This paper deals with the polynomial linear system solving with errors (PLSwE) problem. Specifically, we focus on the evaluation-interpolation technique for solving polynomial linear systems and we assume that errors can occur in the evaluation step. In this framework, the number of evaluations needed to recover the solution of the linear system is crucial since it affects the number of computations. It depends on the parameters of the linear system (degrees, size) and on a bound on the number of errors. Our work is part of a series of papers about PLSwE aiming to reduce this number of evaluations. We proved in [Guerrini et al., Proc. ISIT'19] that if errors are randomly distributed, the bound of the number of evaluations can be lowered for large error rate. In this paper, following the approach of [Kaltofen et al., Proc. ISSAC'17], we improve the results of [Guerrini et al., Proc. ISIT'19] in two directions. First, we propose a new bound of the number of evaluations, lowering the dependency on the parameters of the linear system, based on work of [Cabay, Proc. SYMSAC'71]. Second, we introduce an early termination strategy in order to handle the unnecessary increase of the number of evaluations due to overestimation of the parameters of the system and on the bound on the number of errors.

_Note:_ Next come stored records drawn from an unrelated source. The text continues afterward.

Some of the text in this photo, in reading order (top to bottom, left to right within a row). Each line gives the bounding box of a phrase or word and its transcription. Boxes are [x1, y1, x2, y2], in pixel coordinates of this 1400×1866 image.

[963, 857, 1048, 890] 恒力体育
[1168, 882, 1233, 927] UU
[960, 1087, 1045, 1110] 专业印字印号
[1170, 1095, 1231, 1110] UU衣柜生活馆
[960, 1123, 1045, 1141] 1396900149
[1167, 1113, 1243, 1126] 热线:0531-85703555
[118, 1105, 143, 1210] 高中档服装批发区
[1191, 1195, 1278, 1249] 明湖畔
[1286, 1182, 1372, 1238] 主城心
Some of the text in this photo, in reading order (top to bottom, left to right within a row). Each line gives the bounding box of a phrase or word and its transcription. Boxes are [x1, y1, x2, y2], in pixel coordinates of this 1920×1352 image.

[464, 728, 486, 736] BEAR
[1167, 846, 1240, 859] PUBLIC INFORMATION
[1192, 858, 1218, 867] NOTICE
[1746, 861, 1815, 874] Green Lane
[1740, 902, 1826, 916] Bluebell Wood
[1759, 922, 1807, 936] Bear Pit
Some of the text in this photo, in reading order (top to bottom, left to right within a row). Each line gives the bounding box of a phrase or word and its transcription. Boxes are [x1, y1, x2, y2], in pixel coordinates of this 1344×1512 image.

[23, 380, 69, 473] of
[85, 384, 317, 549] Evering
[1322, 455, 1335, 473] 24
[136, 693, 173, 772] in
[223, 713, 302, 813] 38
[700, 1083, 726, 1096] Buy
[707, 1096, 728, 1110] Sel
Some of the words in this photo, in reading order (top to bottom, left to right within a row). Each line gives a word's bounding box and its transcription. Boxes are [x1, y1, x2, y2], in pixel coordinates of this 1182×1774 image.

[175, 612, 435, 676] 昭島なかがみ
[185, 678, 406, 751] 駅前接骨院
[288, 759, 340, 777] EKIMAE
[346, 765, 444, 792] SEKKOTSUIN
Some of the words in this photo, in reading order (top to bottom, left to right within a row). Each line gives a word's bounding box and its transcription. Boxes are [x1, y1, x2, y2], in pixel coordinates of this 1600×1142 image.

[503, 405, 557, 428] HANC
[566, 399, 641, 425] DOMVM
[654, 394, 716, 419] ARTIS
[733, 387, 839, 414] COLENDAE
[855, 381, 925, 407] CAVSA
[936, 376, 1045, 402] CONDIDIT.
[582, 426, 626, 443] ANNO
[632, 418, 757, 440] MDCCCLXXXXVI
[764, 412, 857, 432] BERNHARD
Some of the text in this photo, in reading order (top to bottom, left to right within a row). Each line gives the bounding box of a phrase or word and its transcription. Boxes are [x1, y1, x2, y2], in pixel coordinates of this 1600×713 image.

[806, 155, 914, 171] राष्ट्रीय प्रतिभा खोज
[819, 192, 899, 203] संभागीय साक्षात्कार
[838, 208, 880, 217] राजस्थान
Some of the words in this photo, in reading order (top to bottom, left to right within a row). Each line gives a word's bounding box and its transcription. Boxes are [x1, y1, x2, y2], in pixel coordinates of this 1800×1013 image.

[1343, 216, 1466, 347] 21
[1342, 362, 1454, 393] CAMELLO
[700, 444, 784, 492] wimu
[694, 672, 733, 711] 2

翻译：本文涉及解决错误( PLSwE) 的多线性系统。 具体地说, 我们的工作是一系列关于PLSwE 错误的文件的一部分, 目的是减少评估的数量。 我们在[ Guerrini 等人, Proc. ISIT'19] 中证明, 如果错误是随机分布的, 则评价数量的界限可以降低, 以很大的误差率。 在本文中, 恢复线性系统解决方案所需的评价数量至关重要, 因为它影响到计算数量。 它取决于线性系统的参数( 度、 大小), 并取决于错误数量的约束。 我们的工作是一系列关于PLSwE 错误的文件的一部分, 目的是减少评估的数量。 首先, 我们建议对评估的数量进行新的约束, 降低对SOLMS 的早期端点的依赖性, 引入我们SLISMA 的线性处理系统的早期端点 。